Family Rosary Procession in St. Paul turns 70

| April 25, 2017 | 0 Comments

Connie Schneider knows well the power of Marian devotions in her life, believing they helped 15 family members return to the Catholic Church.

“We began to say the rosary and never have been the same after that,” said Schneider, a parishioner of Blessed Sacrament in St. Paul.

Schneider, chairwoman of the Archdiocese of St. Paul and Minneapolis’ annual Family Rosary Procession, hopes many people can discover the power of the rosary at the 70th procession May 7 in St. Paul. The prayerful walk for all ages from the State Capitol grounds to the Cathedral of St. Paul in St. Paul begins 2 p.m. with Archbishop Bernard Hebda leading. It concludes by 3:30 p.m. in the Cathedral with Benediction and a homily.

“I’m hoping that every family, at least one member of every family, will come join with other families of the archdiocese and pray for their own family and all the families of the world, because we all need help,” said Schneider, who has served as the chairperson since 2007. “The wind is blowing in a very bad direction, and we have to turn it around.”

At the procession, hundreds of Catholics attend annually to pray the rosary accompanied by a large Marian statue. Processions began in 1947 as a response to communism in Europe and Our Lady of Fatima’s 1917 message to pray for the conversion of communist Russia. This year’s procession takes place during the 100th anniversary of Mary’s 1917 apparitions in Fatima, Portugal.

To commemorate the Fatima centennial, participants can obtain handkerchiefs with the apparition’s image to wave as the Marian statue passes by.

“It’s a manner of greeting Our Lady and showing her love and devotion to her,” Schneider said.

The archdiocesan Office of Worship, which hosts the procession, also encourages attendees to make banners to represent their respective parishes. The Family Rosary Processions Association collaborates with the Office of Worship for the procession.

Our Lady of Fatima in particular touched Schneider’s family in 1983 when they visited the traveling Fatima statue in St. Paul. Schneider, who didn’t practice the faith then, returned to the Church starting with praying the rosary. She said people’s “problems can be overcome by the rosary,” but it’s “not like magic;” Mary’s intercession can be counted on.

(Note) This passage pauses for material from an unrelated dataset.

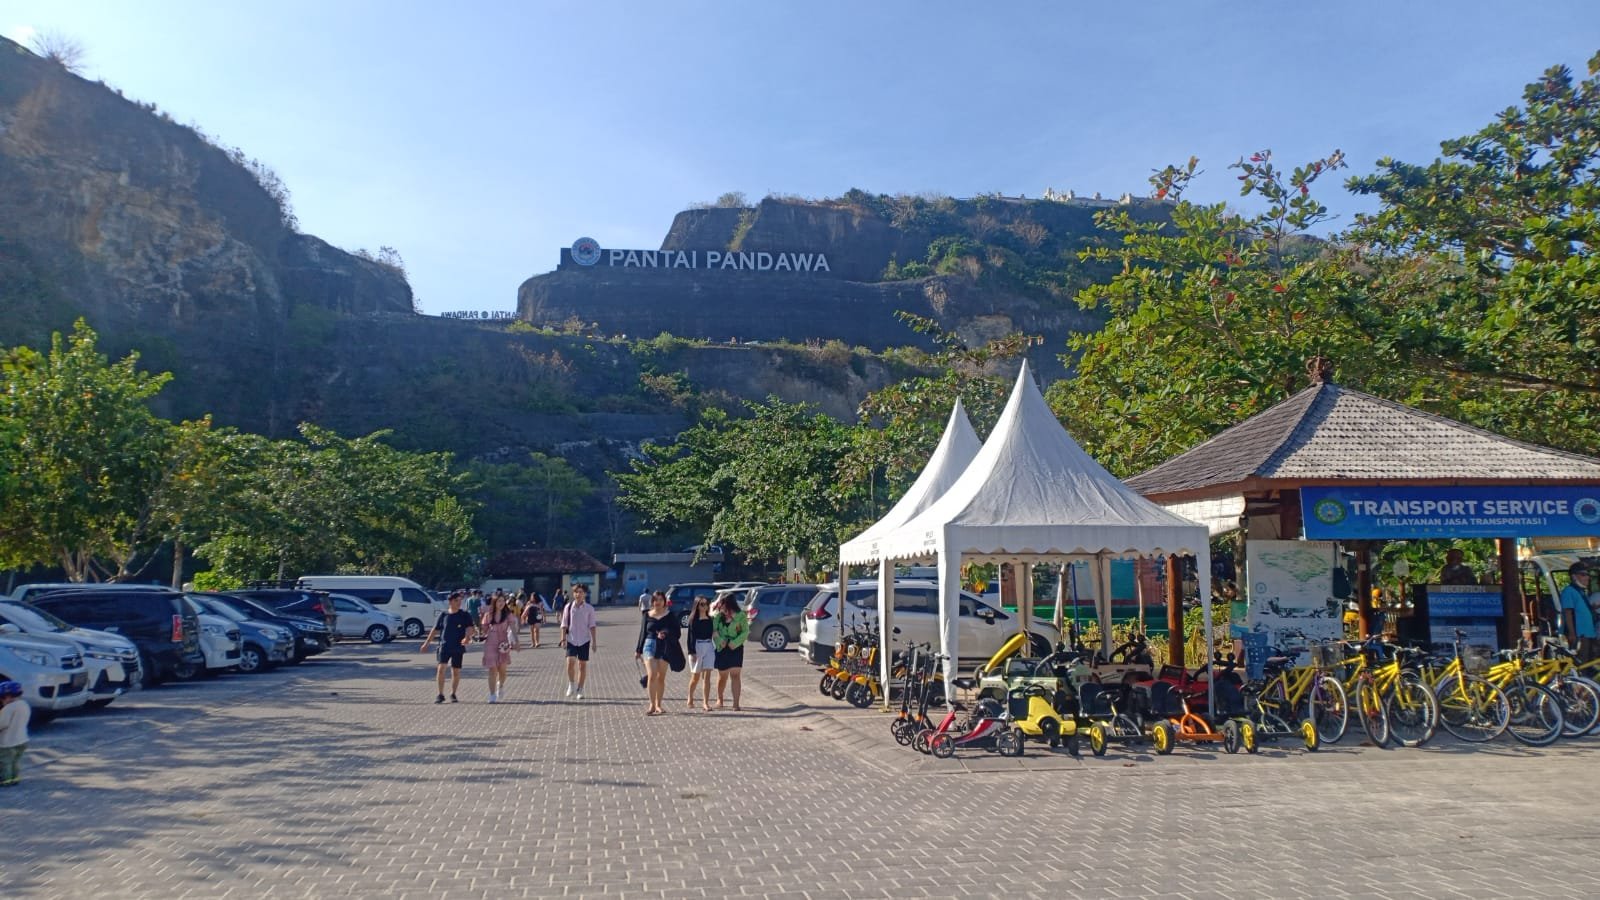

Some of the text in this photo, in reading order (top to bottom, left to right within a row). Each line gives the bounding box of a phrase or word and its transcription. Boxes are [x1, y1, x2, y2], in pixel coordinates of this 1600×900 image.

Msgr. Richard Doherty, director of Catholic Action for the archdiocese at the time, called for people to invoke Mary’s prayers in the 1947 procession. Florence Kueppers co-founded the procession.

The procession returned the following year because of the strong turnout in 1947. In 1951, it expanded to the Basilica of St. Mary in Minneapolis in conjunction with St. Paul’s the first Sunday of each May.

Thousands attended both, and participation climbed in 1963 to 65,000, according to the Catholic Bulletin, The Catholic Spirit’s predecessor. Attendance dwindled, though, in the 1970s and beyond, including the reduction to one procession in St. Paul around 2007.

“The world changed,” Schneider said.

While she wants to see bigger numbers, she hopes those who can’t make the procession will pray a rosary that day for families, too.

“If we spiritually unite in prayer, something good will happen,” she said.